Desde la cocina se escuchan las noticias que da la radio y el anciano reflexiona. Él tiene las soluciones a todos los problemas del país. Si tan solo le pidieran consejo.

Si tan solo alguien le preguntara. ¡Cuánto desperdicio de talento y experiencia! Y el anciano pareciera querer decir: ¡Aquí estoy! ¡Aprovéchenme!, que no les voy a vivir para siempre, aunque parezca que sí. Nadie tiene su conocimiento del poder, ninguno lo manejó mejor. Si quería que allá se construyera una escuela, de inmediato aparecía como por arte de magia. Y si la gente le pedía una carretera, en seguida llegaba la maquinaria a talar la selva sin consultarlo con nadie. Y siguiendo esa hilera de recuerdos el anciano se ve a sí mismo como un hombre joven abriéndose paso entre la multitud, y mientras llega a un templete enorme saluda de mano a la gente que quiere tocarlo, y hay ruido de tambores y música y banderas tricolores que ondean y pancartas que llevan sus iniciales y el logo del Partido. Y aquel hombre joven sonríe y saluda, y al llegar al templete alguien le grita Licenciado, aquí está su gente, usted ordena. Y de repente el hombre aparece arriba de un auto descapotable saludando a la multitud que lo aclama bajo cientos de papelitos blancos que caen como nieve, estancándose encima de las cabezas y los hombros. Sus guardaespaldas caminan al mismo paso lento del vehículo. El hombre no deja de saludar. Está contento. Al mismo tiempo, el personal de servicio observa a un hombre en silla de ruedas alzando los brazos ante una ventana vacía.

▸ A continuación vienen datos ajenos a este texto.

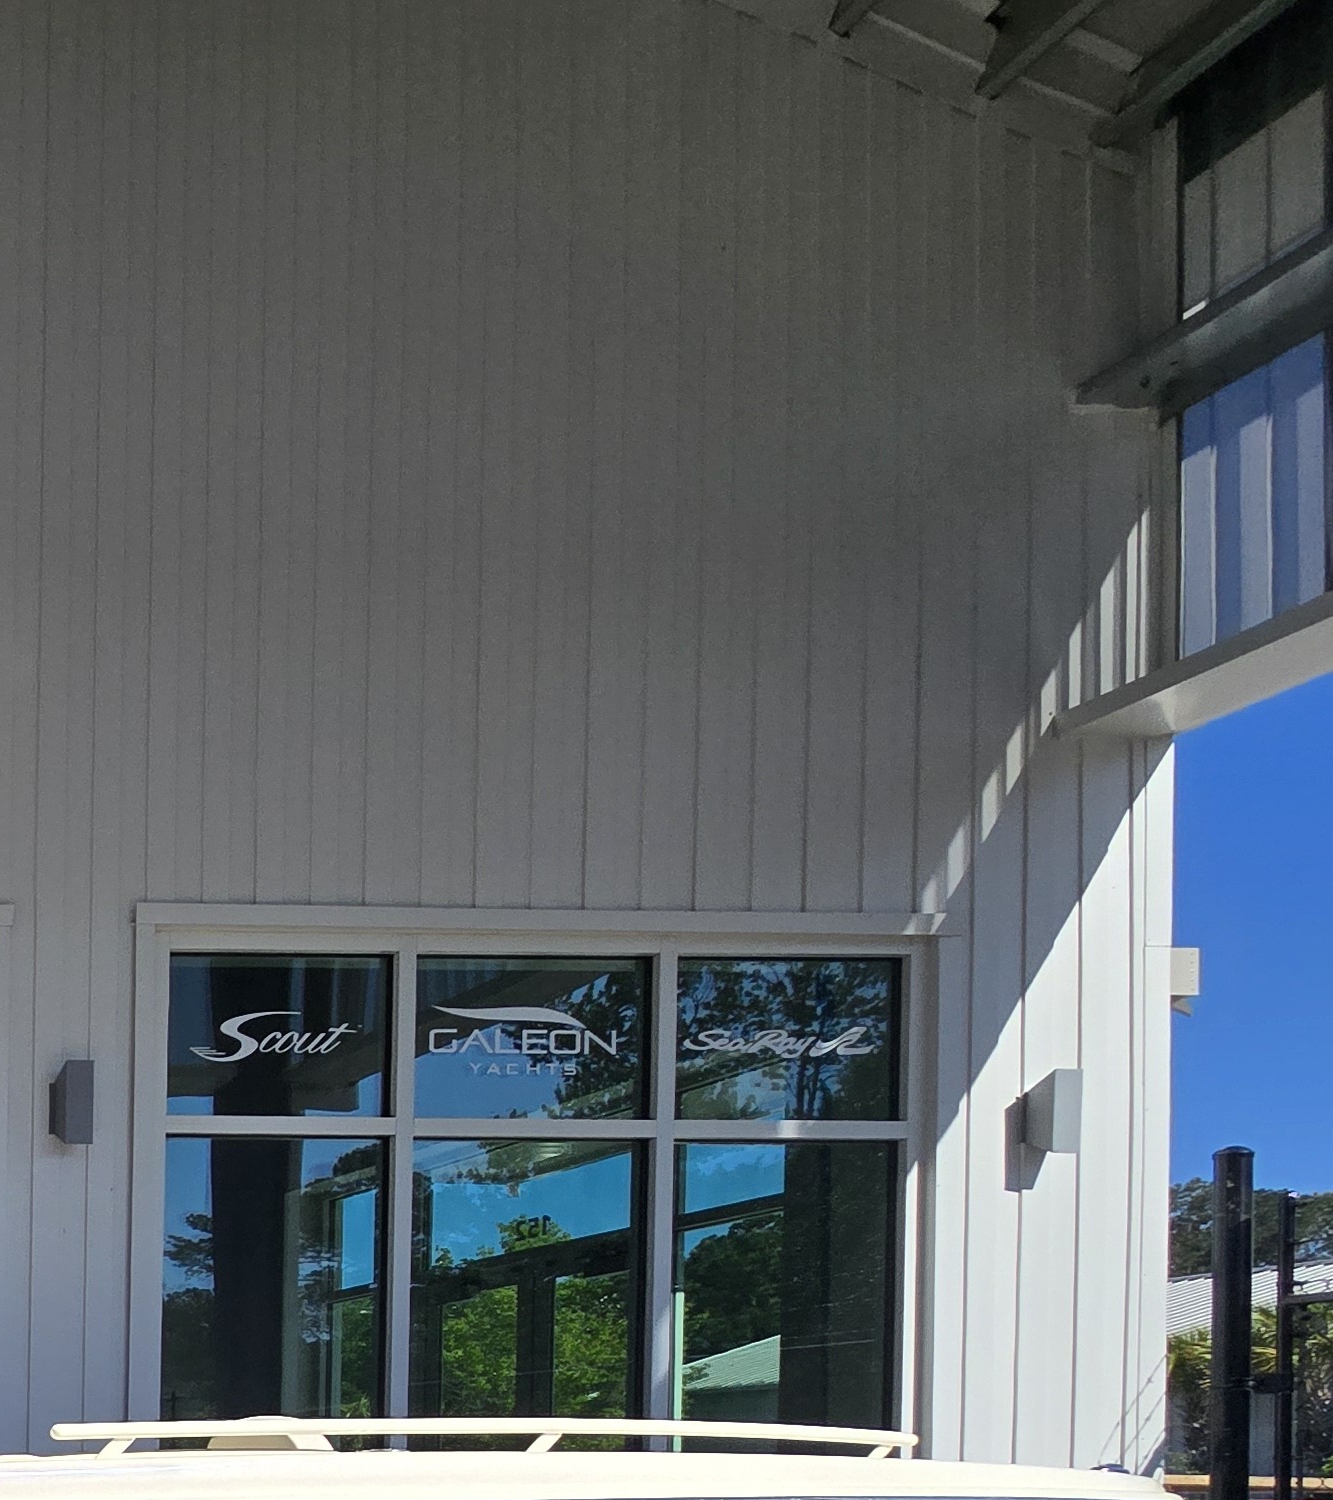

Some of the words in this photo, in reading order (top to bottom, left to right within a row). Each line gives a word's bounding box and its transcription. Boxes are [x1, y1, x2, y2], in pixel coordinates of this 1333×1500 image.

[189, 1011, 357, 1062] Scout
[428, 1028, 617, 1055] GALEON
[469, 1062, 577, 1076] YACHTS

Y entre tanta memoria poco a poco va cerrando sus ojos, y él piensa que por fin ha llegado el momento, bastante agotador ha sido robarle el oxígeno a los jóvenes, y el ruido de otro avión lo despierta súbitamente trayéndolo de vuelta al mundo de los colores. El anciano se toca el pecho, buscando la banda presidencial que hace medio siglo le ocultaba el corazón. Luego ve su mano, una mano escuálida y fría, más hueso que carne, repleta de venas y lunares. Una mano que ya nadie saluda. ¿Por qué Ella se ha tardado tanto en venir? ¿Por qué parece que soy el único al que Ella no quiere? Y una de las cuidadoras se acerca. Venga don Luis, ya le toca su siesta. Agradezca a dios por haberle permitido vivir un día más. Y se llevan al anciano en silla de ruedas, lo desvisten, y cuando esté acostado en su cama él se preguntará, como cada noche, si a la mañana siguiente se le concederá otra vez la inmerecida oportunidad de volver a abrir los ojos.